Maybe that woman with the dark hair and sparkly eyeglasses once saw a young man standing by the edge of a tall building, and she sensed he was gathering his strength to jump, and she approached gently and told him how she had once felt the same way, and she was there to listen if he wanted to talk, and he did, and she listened, and now a decade later they send each other a tiny daily text, just to say Hi, thinking about you. Sending love.
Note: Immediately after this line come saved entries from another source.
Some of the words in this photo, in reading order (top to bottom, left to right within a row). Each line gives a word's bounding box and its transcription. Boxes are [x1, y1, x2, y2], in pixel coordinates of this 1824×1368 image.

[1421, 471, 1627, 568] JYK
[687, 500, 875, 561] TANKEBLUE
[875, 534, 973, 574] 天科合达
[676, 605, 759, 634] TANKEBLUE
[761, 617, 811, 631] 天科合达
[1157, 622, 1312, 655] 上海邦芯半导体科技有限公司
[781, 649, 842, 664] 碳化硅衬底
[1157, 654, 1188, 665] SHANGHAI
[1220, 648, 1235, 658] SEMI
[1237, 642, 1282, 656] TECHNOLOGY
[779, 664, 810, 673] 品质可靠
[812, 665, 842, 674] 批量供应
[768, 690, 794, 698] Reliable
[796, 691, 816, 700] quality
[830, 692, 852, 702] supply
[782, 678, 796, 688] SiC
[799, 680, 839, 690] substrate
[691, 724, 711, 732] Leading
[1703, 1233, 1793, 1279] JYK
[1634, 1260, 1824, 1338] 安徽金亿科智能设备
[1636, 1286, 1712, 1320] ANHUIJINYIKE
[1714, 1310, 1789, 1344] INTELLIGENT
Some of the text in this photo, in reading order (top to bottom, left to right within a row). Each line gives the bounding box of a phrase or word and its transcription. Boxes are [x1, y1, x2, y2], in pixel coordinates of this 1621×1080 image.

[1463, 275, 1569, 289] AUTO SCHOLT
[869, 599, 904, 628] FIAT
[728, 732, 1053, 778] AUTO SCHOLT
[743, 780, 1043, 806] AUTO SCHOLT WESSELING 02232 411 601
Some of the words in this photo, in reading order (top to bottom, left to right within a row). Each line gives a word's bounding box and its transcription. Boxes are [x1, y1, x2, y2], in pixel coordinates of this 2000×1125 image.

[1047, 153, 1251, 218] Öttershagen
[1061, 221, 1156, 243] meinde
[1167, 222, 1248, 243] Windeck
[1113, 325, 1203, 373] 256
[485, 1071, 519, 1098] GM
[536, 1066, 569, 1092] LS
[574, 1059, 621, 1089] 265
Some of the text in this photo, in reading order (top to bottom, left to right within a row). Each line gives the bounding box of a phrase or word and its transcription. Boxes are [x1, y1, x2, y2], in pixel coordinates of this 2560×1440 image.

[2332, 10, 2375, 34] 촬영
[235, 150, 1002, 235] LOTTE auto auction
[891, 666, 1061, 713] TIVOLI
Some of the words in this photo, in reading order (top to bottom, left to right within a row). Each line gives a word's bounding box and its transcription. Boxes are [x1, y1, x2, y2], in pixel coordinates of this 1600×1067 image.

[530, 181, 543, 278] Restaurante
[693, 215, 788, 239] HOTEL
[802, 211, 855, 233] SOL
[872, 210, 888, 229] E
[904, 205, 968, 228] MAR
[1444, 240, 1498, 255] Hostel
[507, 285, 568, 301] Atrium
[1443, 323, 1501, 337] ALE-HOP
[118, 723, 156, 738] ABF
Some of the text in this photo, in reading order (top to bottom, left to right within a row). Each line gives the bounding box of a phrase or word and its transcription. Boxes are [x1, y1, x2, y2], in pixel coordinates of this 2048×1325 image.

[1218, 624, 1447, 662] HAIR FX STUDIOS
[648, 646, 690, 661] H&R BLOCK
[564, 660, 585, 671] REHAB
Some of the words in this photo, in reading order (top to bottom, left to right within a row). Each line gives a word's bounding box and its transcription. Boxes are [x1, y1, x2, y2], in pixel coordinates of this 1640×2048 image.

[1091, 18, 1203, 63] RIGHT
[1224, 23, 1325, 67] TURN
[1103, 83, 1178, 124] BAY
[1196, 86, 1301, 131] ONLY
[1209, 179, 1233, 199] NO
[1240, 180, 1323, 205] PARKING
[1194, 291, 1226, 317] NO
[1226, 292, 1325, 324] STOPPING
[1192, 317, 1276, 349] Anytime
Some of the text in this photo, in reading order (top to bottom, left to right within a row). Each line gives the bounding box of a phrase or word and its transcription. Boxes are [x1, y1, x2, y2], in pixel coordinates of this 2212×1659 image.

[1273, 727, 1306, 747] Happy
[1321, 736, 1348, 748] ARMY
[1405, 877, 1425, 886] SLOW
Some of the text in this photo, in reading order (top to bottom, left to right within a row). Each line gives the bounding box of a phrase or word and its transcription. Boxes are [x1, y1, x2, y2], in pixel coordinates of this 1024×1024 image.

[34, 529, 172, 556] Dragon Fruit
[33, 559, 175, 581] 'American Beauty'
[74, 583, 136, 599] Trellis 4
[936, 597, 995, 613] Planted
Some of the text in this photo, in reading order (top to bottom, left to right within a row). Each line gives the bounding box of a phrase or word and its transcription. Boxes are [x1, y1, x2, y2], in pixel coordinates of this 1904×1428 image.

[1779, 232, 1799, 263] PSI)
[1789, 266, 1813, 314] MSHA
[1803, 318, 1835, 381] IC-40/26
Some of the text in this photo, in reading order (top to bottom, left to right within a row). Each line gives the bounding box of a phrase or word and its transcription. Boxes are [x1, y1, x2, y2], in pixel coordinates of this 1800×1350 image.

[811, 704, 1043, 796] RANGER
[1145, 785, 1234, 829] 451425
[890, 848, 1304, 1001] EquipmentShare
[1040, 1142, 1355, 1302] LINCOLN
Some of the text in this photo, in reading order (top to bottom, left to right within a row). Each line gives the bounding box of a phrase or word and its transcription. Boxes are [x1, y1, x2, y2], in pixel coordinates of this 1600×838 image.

the man in front of you, by Alice N. Persons 

is just tall enough
has soft black hair
and golden skin
wide shoulders
and smells good

you stand behind him
in the movie line
or buying flowers on boylston street
or see him on the subway
not far down the car
his clean brown hands
on the overhead rail

the man in front of you
could have just killed someone
or might have a bitter face
may love no one
or always sleep alone

the man in front of you
hurries out of the station
or rushes around the corner
and vanishes into a cab
you never see his face
but in dreams he comes to you
and does not slip away

Click here for more information about Alice N. Persons. Today’s poem appears in Never Say Never, published in 2004 by Moon Pie Press.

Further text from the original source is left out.